The C-IRG says it acts to uphold the rule of law and that its operations aren’t politically motivated. But its own foundational documents explain that it was specifically created “to protect pipelines, specifically the Trans Mountain expansion and Coastal GasLink” and that the unit “was created in 2017 to provide strategic oversight addressing energy industry incidents and related public order, national security and crime issues.”

Gainers strike

The C-IRG was unequivocally built to crush any opposition to resource extraction projects. And while federally the RCMP falls under the responsibility of Public Safety Minister Bill Blair, in B.C. it falls under the responsibility of Solicitor General Mike Farnworth, a member of the NDP. 

Although technically speaking Farnworth should not be directing operations himself, any additional spending and the creation of policing units must be approved by his office. And so in 2020, when opposition to the Coastal GasLink pipeline was growing and the RCMP were planning attacks on Wet’suwet’en land defenders, Farnworth wrote to the commanding officer of the RCMP in B.C. that he had authorized “the internal redeployment of resources within the Provincial Police Service to the extent necessary to maintain law and order, and to ensure the safety of persons, properties, and communities in the area.” 

Farnworth also wrote that “the operational deployment of resources and operational decisions are solely within the internal management and control of the RCMP; however, I ask that you please continue to inform the ministry of planned actions and any further developments through established channels between executive Policing and Security Branch and RCMP staff.” 
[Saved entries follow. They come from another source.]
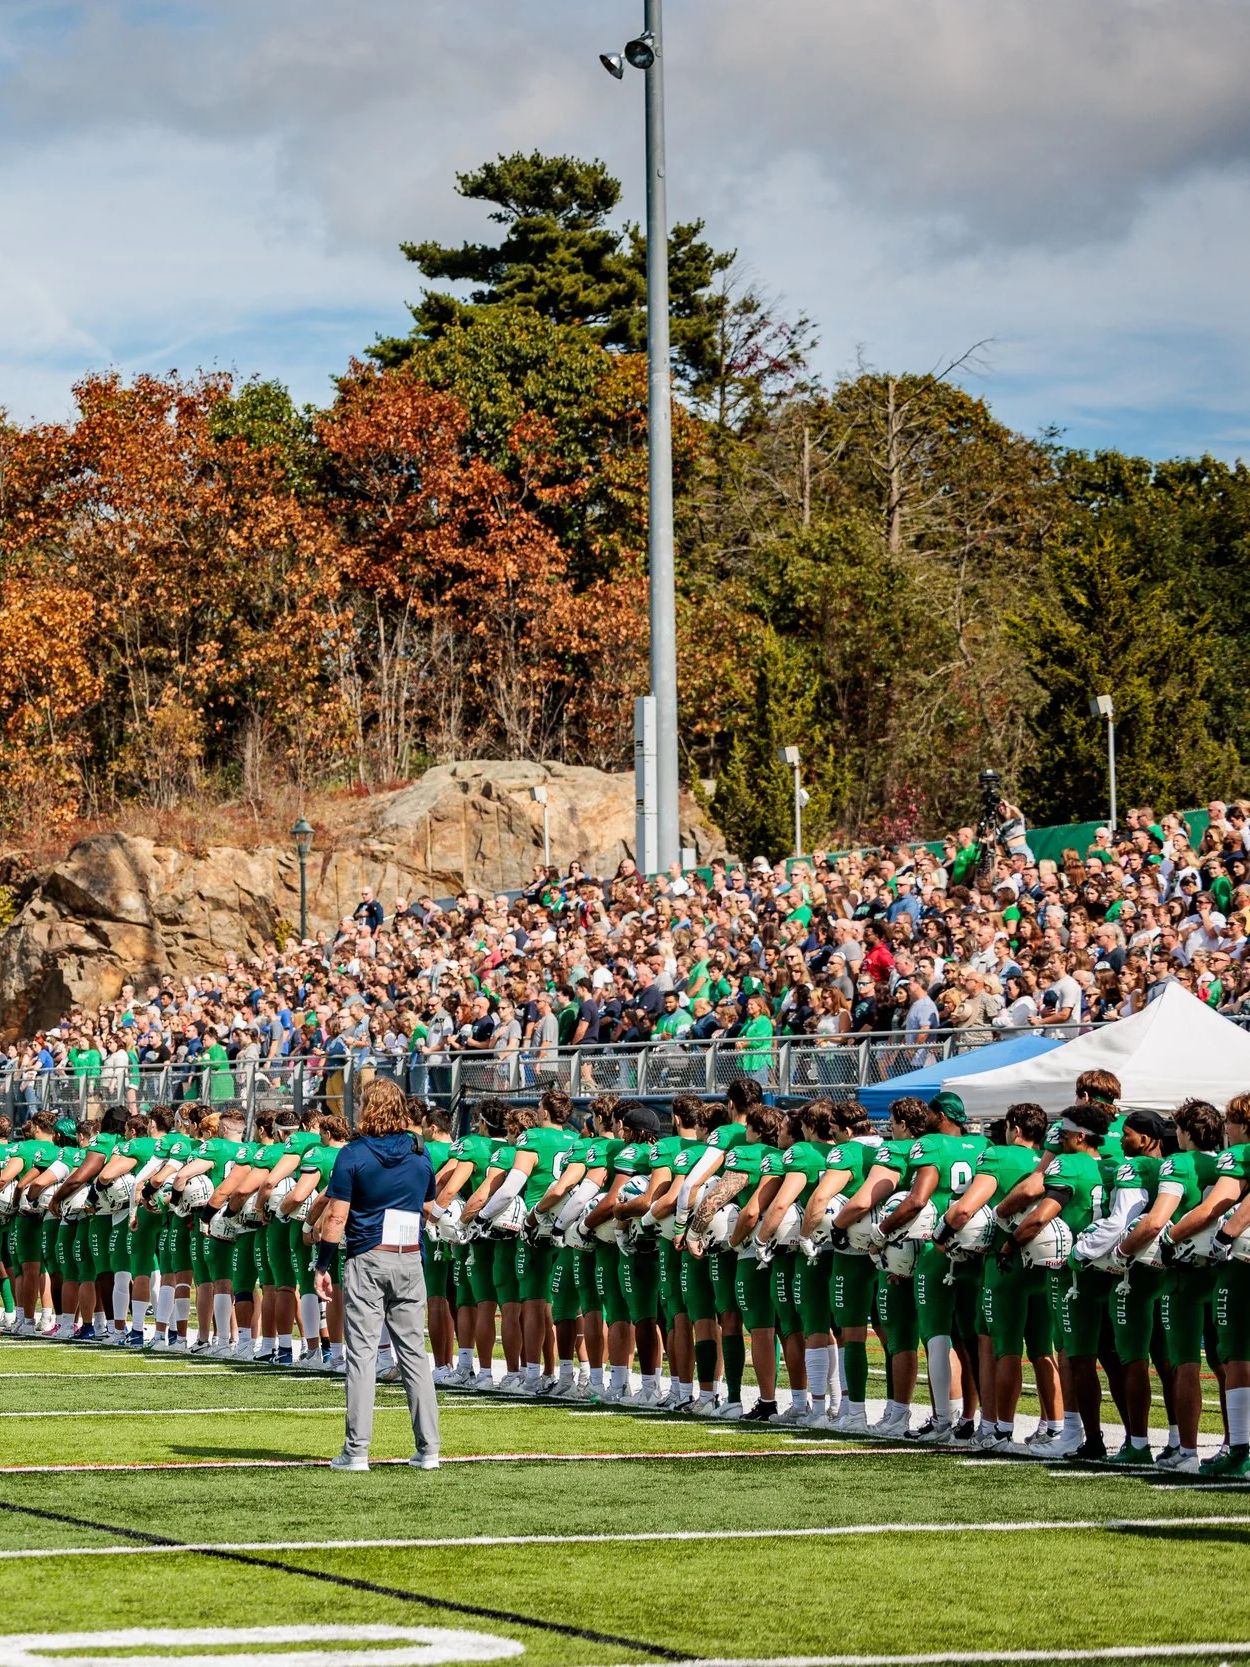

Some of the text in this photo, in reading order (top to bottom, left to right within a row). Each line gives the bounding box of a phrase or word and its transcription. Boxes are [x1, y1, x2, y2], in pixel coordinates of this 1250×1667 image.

[109, 1229, 119, 1252] GULLS
[158, 1229, 168, 1251] GULLS
[170, 1229, 178, 1252] GULLS
[453, 1260, 461, 1287] GULLS
[517, 1247, 525, 1274] GULLS
[551, 1265, 563, 1293] GULLS
[597, 1266, 605, 1295] GULLS
[623, 1264, 632, 1293] GULLS
[777, 1272, 787, 1303] GULLS
[793, 1273, 801, 1305] GULLS
[835, 1275, 844, 1308] GULLS
[918, 1273, 926, 1305] GULLS
[736, 1281, 748, 1311] GULLS
[879, 1287, 888, 1321] GULLS
[985, 1288, 993, 1323] GULLS
[1116, 1288, 1127, 1325] GULLS
[1217, 1288, 1229, 1326] GULLS
[1060, 1296, 1071, 1333] GULLS
[1161, 1294, 1171, 1330] GULLS
The B.C. NDP has long claimed that premiers and prime ministers play no direct role in policing and have no power to call in or call off the police in relation to protests or blockades. They always conveniently forget to mention, however, that the solicitor general does have the power “to authorize the redeployment of police resources in response to a court injunction obtained by a corporation.”
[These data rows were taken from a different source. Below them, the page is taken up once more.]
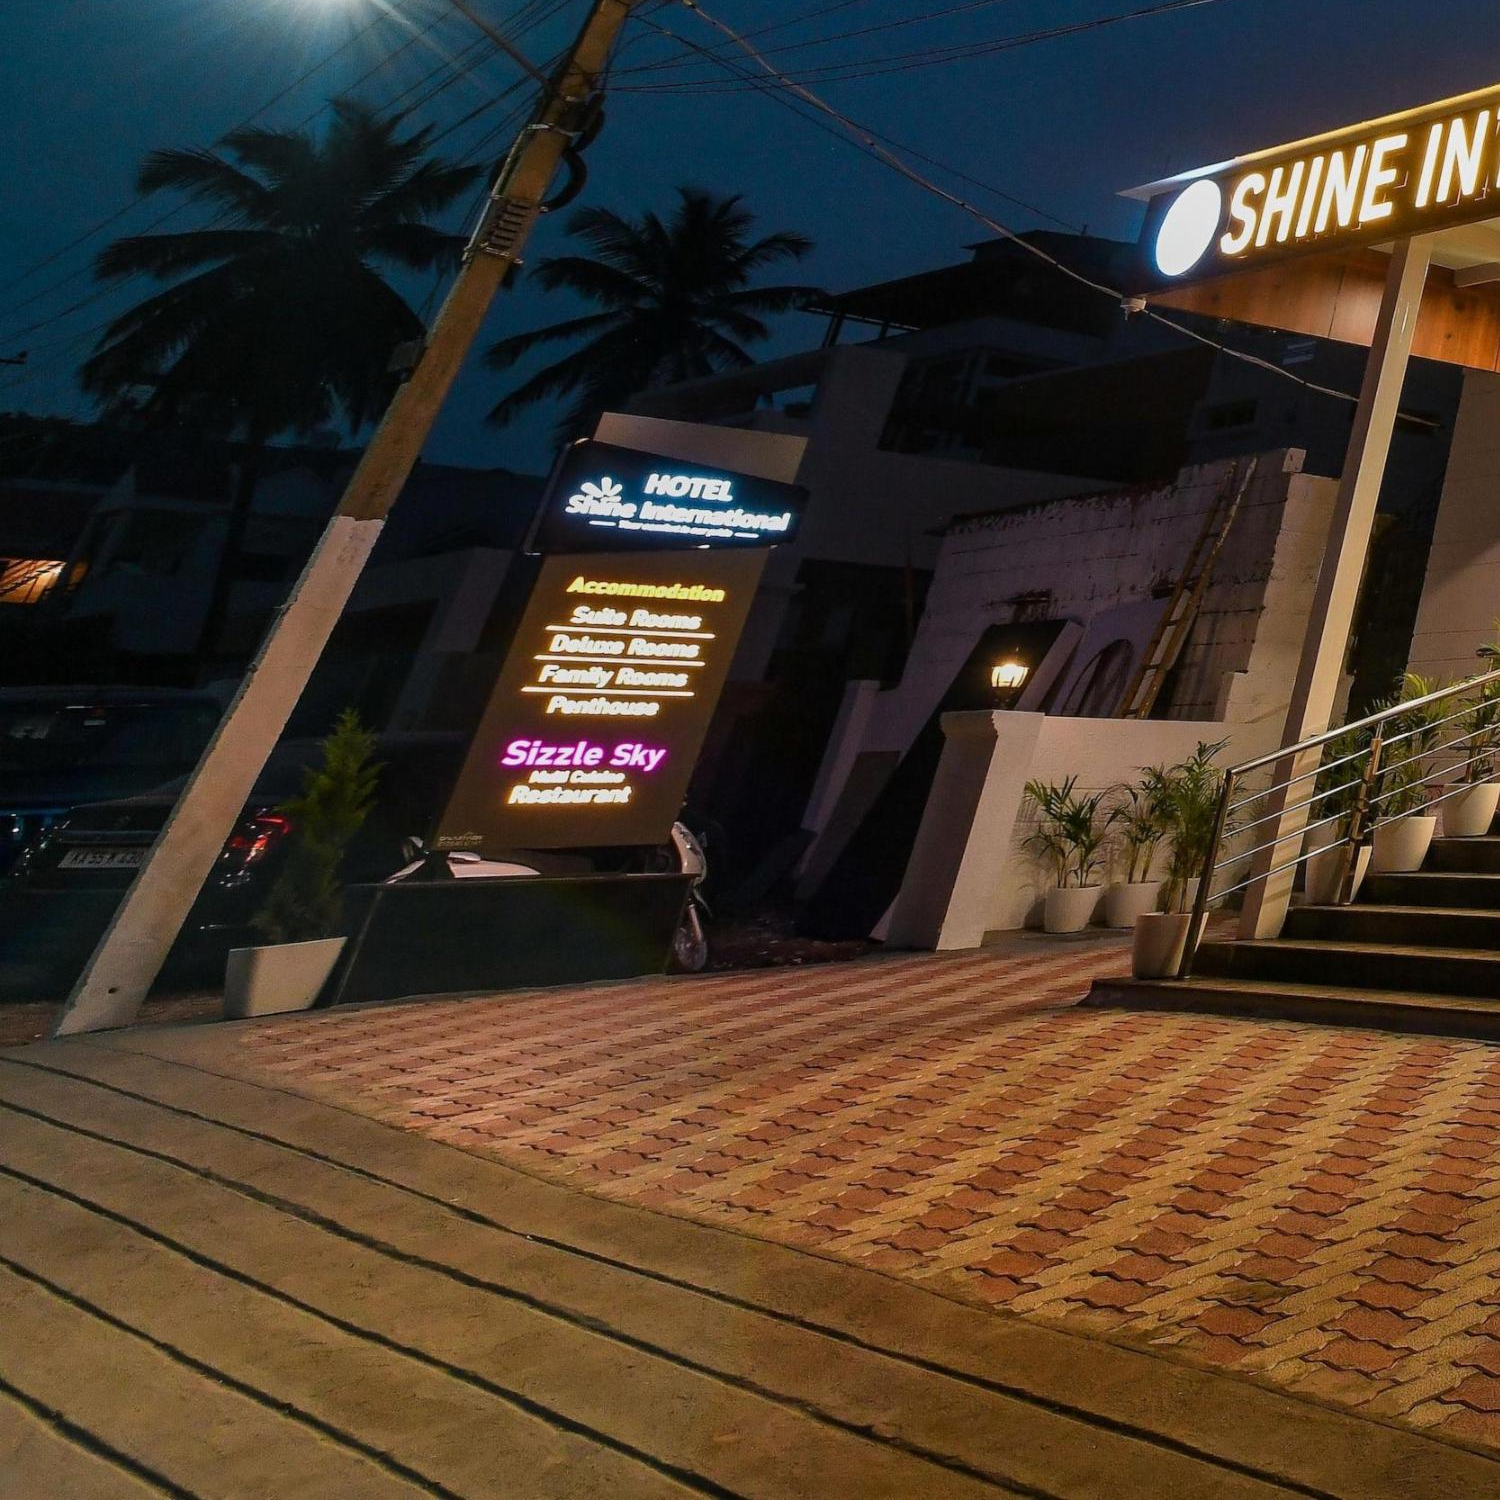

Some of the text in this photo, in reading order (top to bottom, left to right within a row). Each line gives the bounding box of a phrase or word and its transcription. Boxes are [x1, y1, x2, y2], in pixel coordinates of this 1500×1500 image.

[1218, 133, 1407, 257] SHINE
[644, 473, 733, 502] HOTEL
[565, 494, 637, 518] Shine
[639, 501, 791, 532] International
[566, 576, 725, 602] Accommodation
[569, 605, 702, 630] Suite Rooms
[549, 634, 700, 658] Deluxe Rooms
[538, 664, 688, 688] Family Rooms
[546, 695, 660, 717] Penthouse
[501, 739, 667, 772] Sizzle Sky
[508, 785, 632, 804] Restaurant
That a member of the NDP, which is supposed to be Canada’s party of labour, played a direct role in crushing opposition to the Coastal GasLink pipeline and attacks on Wet’suwet’en land defenders should have the entire labour movement up in arms. Farnworth and the cabal of ministers around then-premier and ardent CGL supporter John Horgan (now around Premier David Eby) have proved they are willing to violently suppress Indigenous movements with the might of the RCMP. The fact that the B.C. NDP passed the United Nations Declaration on the Rights of Indigenous Peoples as law shows it’s not worth the paper it’s written on when it comes time to do the bidding of the bosses. 

As long as the resource extraction industries remain under the private ownership of the capitalists, the police will continue to be used to suppress opposition to resource projects. The role of the police in protecting the profits of the bosses cannot be reformed away. In crushing protests and opposition to resource-extraction projects, the police are doing exactly what they are supposed to do: defending private property and the interests of the capitalists and their profits.

Projects like the Coastal GasLink and Trans Mountain pipelines, and Teal Jones’s operations at Fairy Creek have pitted workers against workers and divided Indigenous communities. This is nothing but a cruel trap where no one but the capitalists win in the end. 

Resource extraction on its own is not necessarily the problem—the fact that it’s solely driven by profit is. Rather than the profit motive trampling over Indigenous and human rights, if resources are to be developed they should be nationalized and placed under workers’ control. Then nothing could be built and no projects could move forward without the democratic input and decision-making of all parties involved, with all the benefits going to the betterment of society and local communities as a whole. The bosses care only for their profits, and they’ll use any violent means necessary to safeguard them. To get rid of their police thugs, we must fight for a future without the bosses, where their need for profit will never again overrule the good of society.